I can get pregnant.  

I am pregnant. 

 Holy shit.   


Holy Shit!  Do you see it too? 12dp3dt

Monday, July 23, 2012

When friends don't get it.

On Saturday I spent the day with my friend K.  K is 6.5 months pregnant.  You may recall that she was the one who "accidentally" got pregnant.  I posted about her pregnancy here.  I know that things have been tough for her.  Things are not exactly perfect between her and her partner (he hasn't told his parents that they're going to grandparents yet!) and she has struggled in the past with depression.  While we were lining up at Sep.hora, she looked at me and said, "You know what?  I hate being pregnant.  I really hate the way I feel.

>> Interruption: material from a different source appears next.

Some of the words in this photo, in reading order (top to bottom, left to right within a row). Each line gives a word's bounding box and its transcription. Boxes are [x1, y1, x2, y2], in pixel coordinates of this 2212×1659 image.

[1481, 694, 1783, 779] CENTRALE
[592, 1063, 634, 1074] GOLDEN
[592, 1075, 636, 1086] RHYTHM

Ugh."
Really?
You're telling ME of all people that you hate being pregnant?
Seriously?  



Courtesy of Google Images 
I've listened to her endless comments about being pregnant and the baby moving.  
I've gone into maternity stores, buying maternity clothes, buying baby clothes....
I've endeavoured to be a good, supportive friend.  
I've set aside the fact that it hurts me to be doing all of these things.  
I've set aside my pain because I know that she needs me.  
But to complain about being pregnant to your friend who is suffering from infertility is just plain narcissistic and ignorant.  
I looked at her and said, "I know you hate being pregnant, but I would do anything to be in your shoes."  

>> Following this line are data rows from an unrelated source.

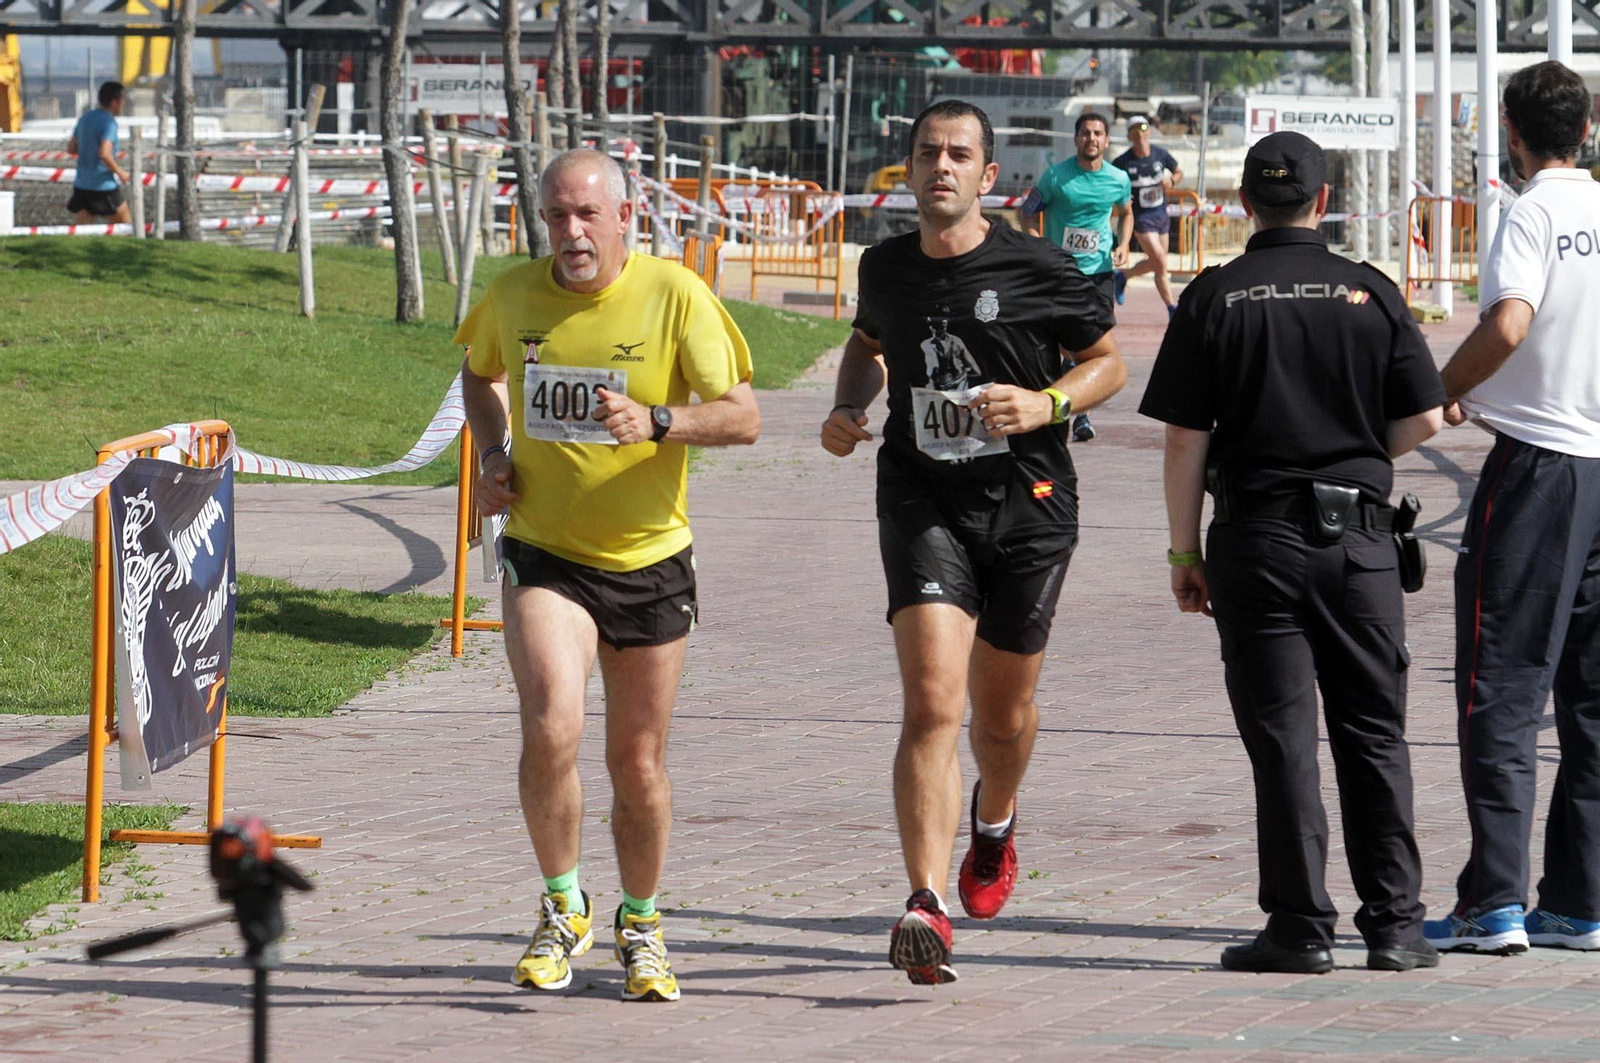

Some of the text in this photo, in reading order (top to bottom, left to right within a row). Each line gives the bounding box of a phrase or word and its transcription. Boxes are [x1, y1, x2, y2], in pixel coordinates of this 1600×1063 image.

[423, 80, 531, 91] SERANO
[1262, 169, 1288, 178] CNP
[1066, 233, 1098, 250] 4265
[1224, 283, 1350, 308] POLICIA
[923, 399, 979, 439] 407
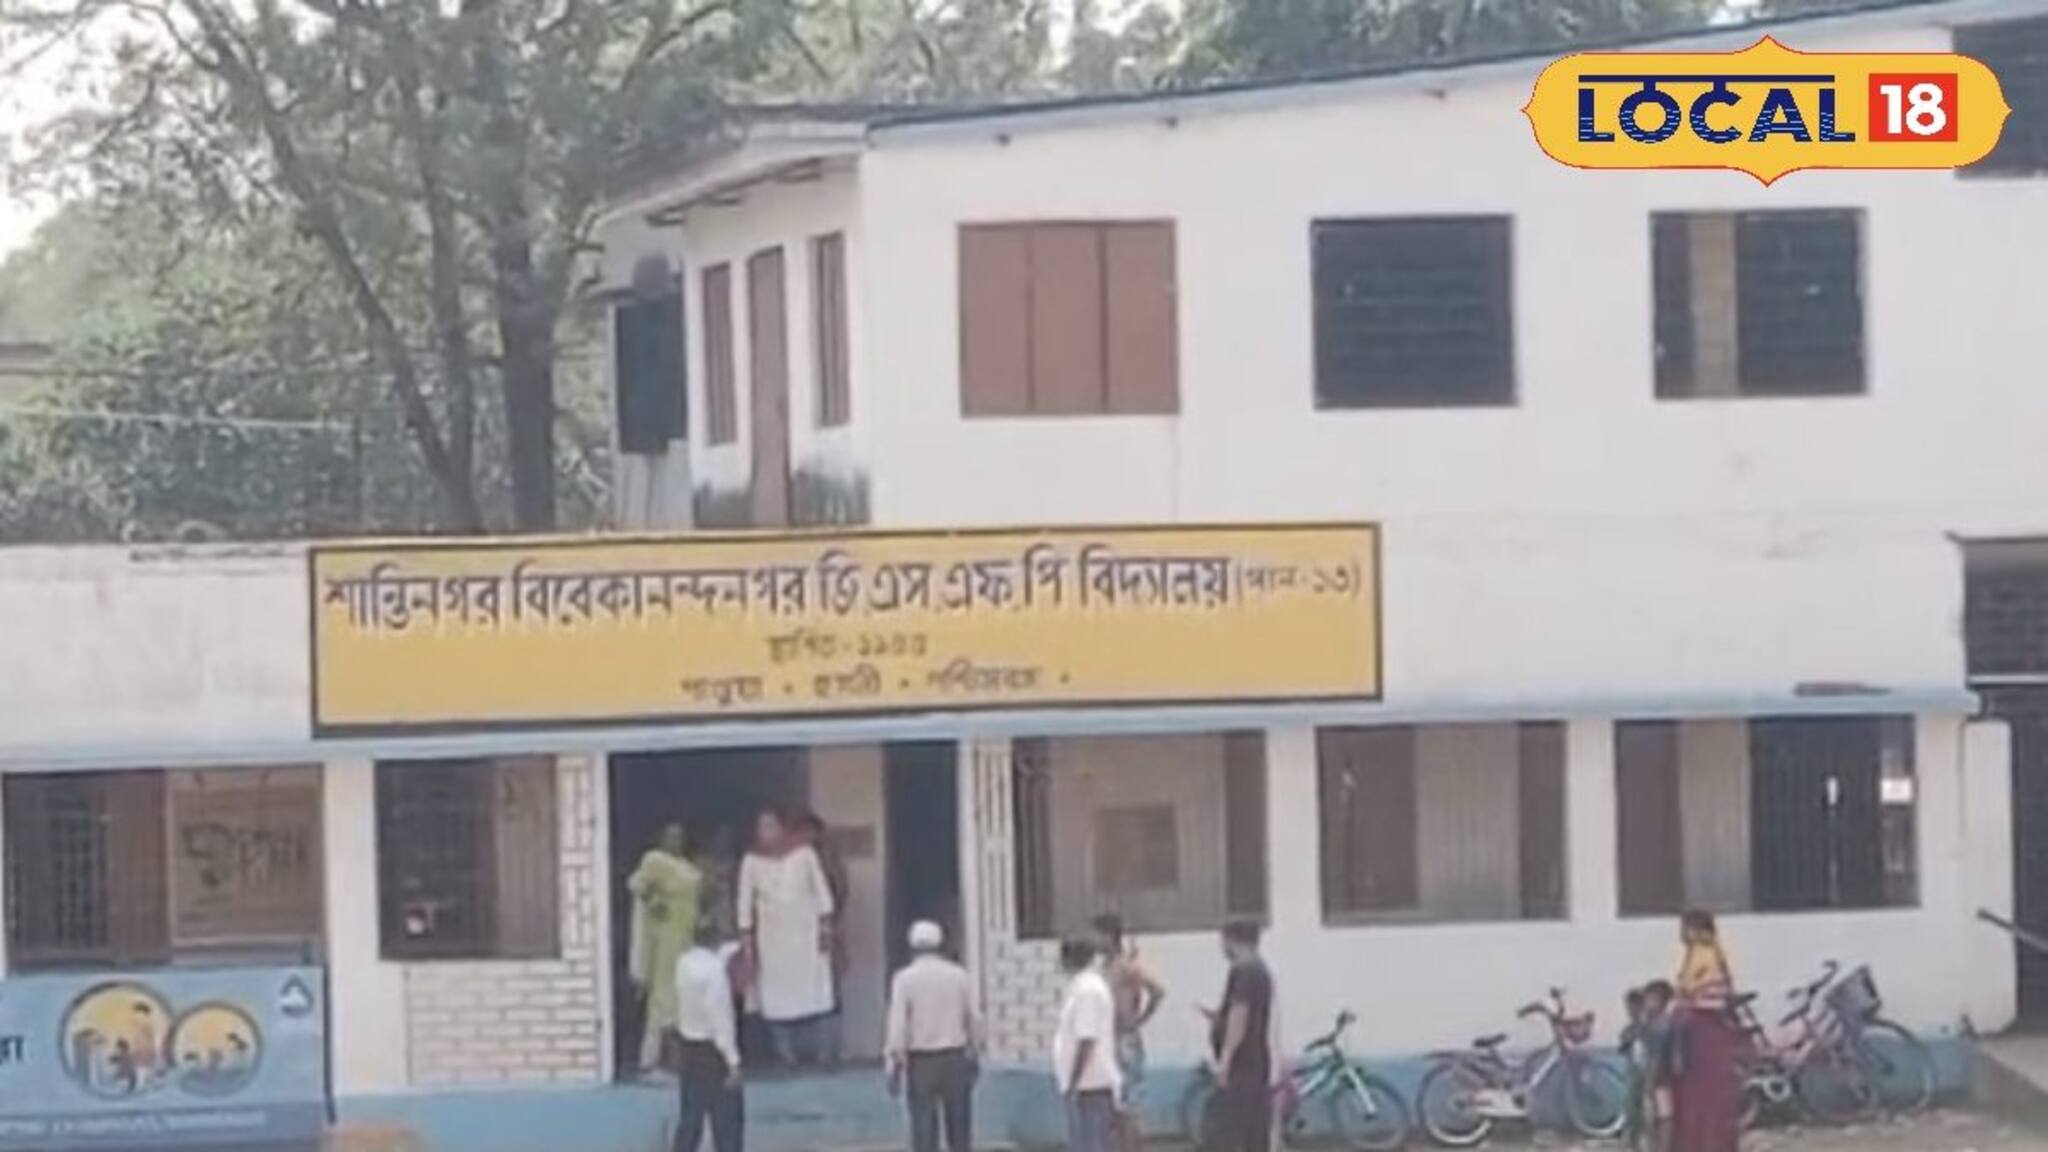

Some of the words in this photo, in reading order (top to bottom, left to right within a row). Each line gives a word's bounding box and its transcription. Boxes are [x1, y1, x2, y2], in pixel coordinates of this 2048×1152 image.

[323, 561, 503, 630] শান্তিনগর
[511, 557, 809, 625] বিবেকানন্দনগর
[1078, 542, 1231, 609] বিদ্যালয়

I think she realized what she said at that point and just shut her mouth.  A few long minutes passed and she said, "I am incredibly grateful to be pregnant.  Don't get me wrong.  I was just a friend speaking to a friend about how she felt."  
I acknowledged her feelings.  But I don't recall her acknowledging mine.
I wish she would just try to put herself in my shoes.  
She has no clue how much infertility hurts.  
How it has the ability to steal your light, your happiness.  
But I don't think she ever will.  


I don't think she has a clue about how I feel.  
About how much it hurts.       

Thursday, July 19, 2012

Over Before It Got Started?

Sweets thinks I'm a pessimist. Perhaps I am. I think this cycle maybe already be over. Now before you scoff let me tell you what just happened.

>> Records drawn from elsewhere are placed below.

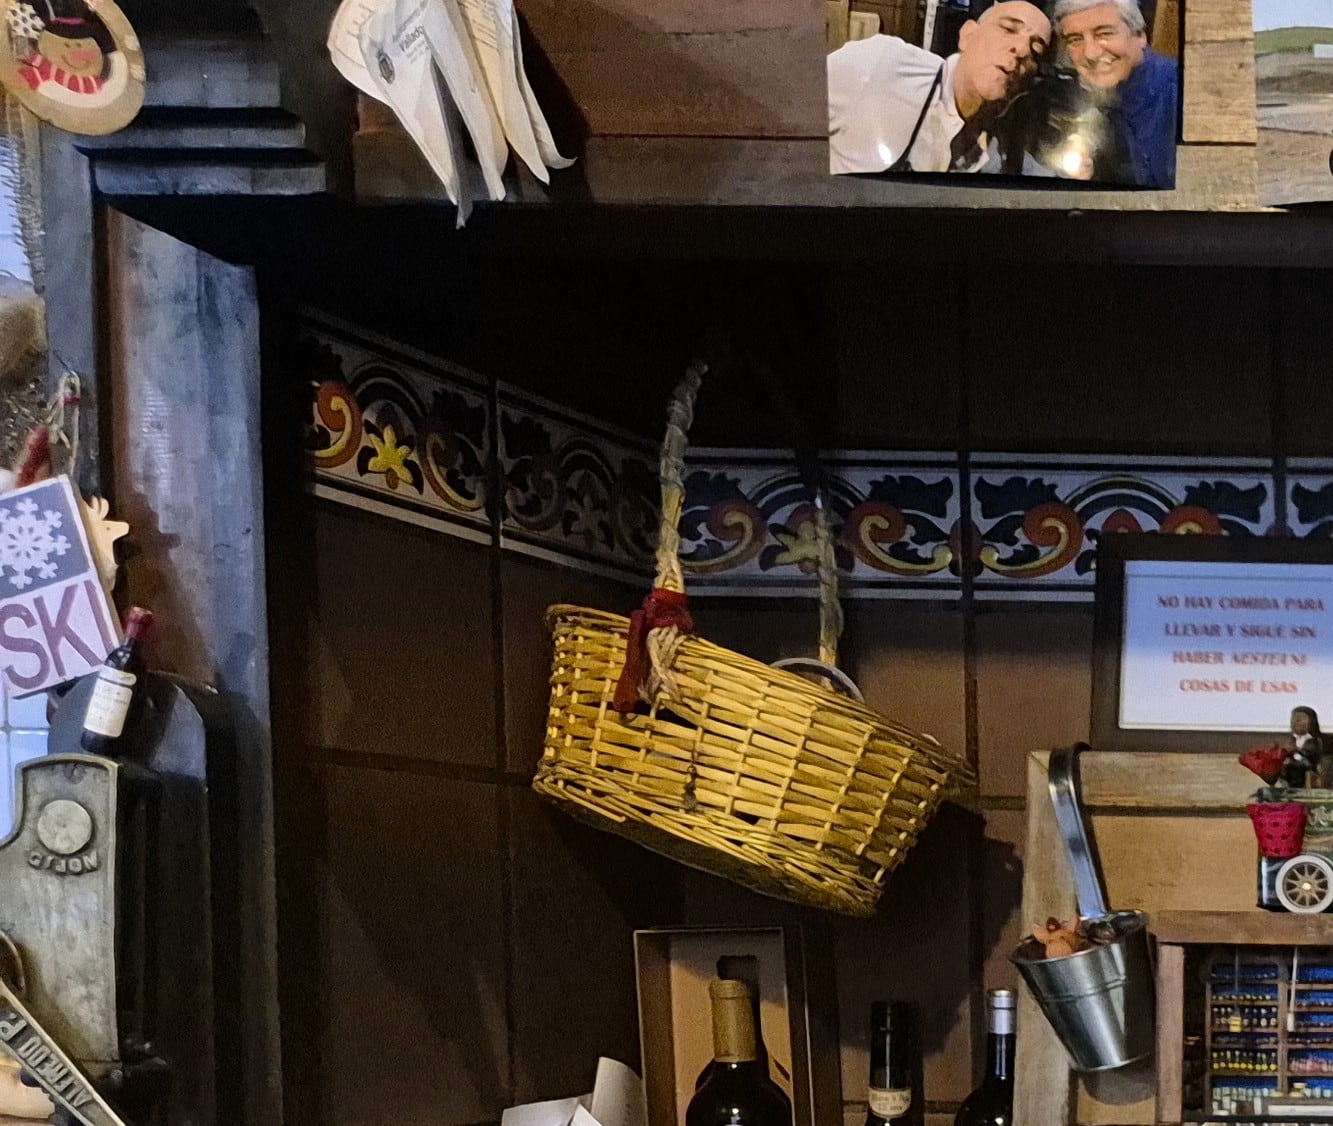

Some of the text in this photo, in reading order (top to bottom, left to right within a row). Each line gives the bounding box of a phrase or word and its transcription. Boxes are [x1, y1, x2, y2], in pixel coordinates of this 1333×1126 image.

[1158, 596, 1325, 612] NO HAY COMIDA PARA
[0, 580, 114, 690] SKI
[1165, 622, 1318, 639] LLEVAR Y SIGUE SIN
[1172, 651, 1225, 665] HABER
[1178, 679, 1299, 694] COSAS DE ESAS

Having just woken up from a nice nap with my kitties, I jumped from the couch and went upstairs to insert my Endometrin. I noticed some blood on the applicator. No big deal. Spotting is to be expected after all that messing about down there. I proceeded downstairs, washed some of the fresh blueberries we just purchased and sat down to read my email. Suddenly, I started cramping. And then the cramps got more and more intense. These were cramps like I've never experienced before. My heart pounded. My skin became drenched in sweat. I couldn't catch my breath. I was writhing on the floor in pain. To cool myself down I literally crawled into shower with my clothes on. I was too hot, in too much pain, to bother to disrobe.

Sweets felt helpless. He couldn't comfort me in any way so he called the clinic.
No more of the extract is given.